OTTAWA — The most confusing thing about clusters is that many people do not fully understand the concept, experts told more than 100 delegates at the second annual Research Money Conference Wednesday.
The agenda of the
conference was to discuss how clusters come to life, whether by accident or design. Organizers of the all-day event brought together a wide range of professionals from around Canada to discuss their involvement in cluster development. Greg Mumford, chief technology officer at Nortel Networks, began the discussion with his view on the current state of cluster development in Canada.
“Canada must commit to developing a world-class infrastructure,” he said. “Businesses need to give commercial context to university research and development and the government should embrace a national broadband policy.”
Successful cluster developments have common characteristics, said Roger Voyer, senior associate at consulting firm The Impact Group. These include entrepreneurial drive, several means of financing, sophisticated educational and research institutions and staying power.
With 1,400 high-tech firms and 63,000 professionals, Ottawa is still in the infancy of establishing prominent clusters, said Jeffrey Dale, president of the Ottawa Centre for Research and Innovation (OCRI).

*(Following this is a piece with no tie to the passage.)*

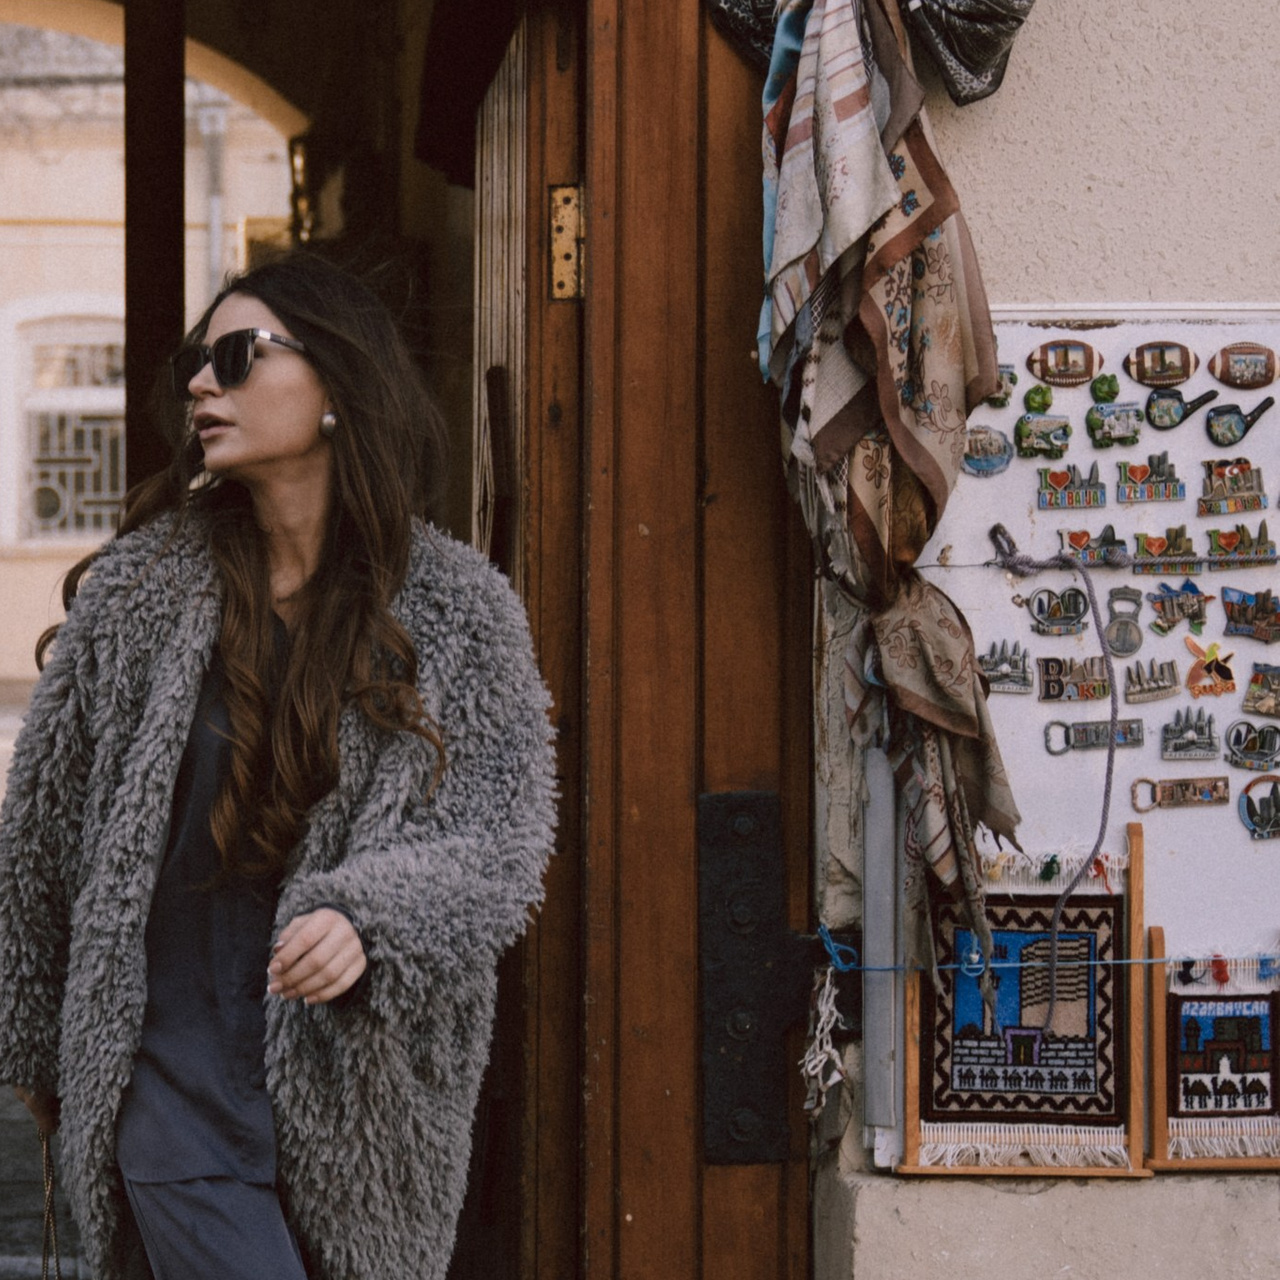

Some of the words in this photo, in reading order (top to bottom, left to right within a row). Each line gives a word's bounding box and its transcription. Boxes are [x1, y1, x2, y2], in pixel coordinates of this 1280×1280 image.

“We still have to work on our international profile,” he said. “One of our problems is that we are not asked to compete on an international level.”
The importance of recognition, both locally and internationally, was a common theme with all of the speakers.
“We need to get people in the region to recognize the existing clusters,” said Camille Gagnon, president of Montreal-based Innovitech. “The real competition is worldwide, but we need to promote our cities, infrastructure, dollar, and tax benefits.”
The development of a cluster is directly related to the amount of talent that can be attracted to the community, Gagnon said. Universities have now become the primary gatherer of this talent. “We need more money to go to universities to increase research initiatives,” she said.
Dale said he believes that because of the extremes faced in a boom/bust economy, it is imperative that there is a continual flow of research within universities and government institutions.
“Although governments don’t create clusters — they exist through their own energy,” stated Dale. “The government needs to promote and support the cluster development through funding and research.”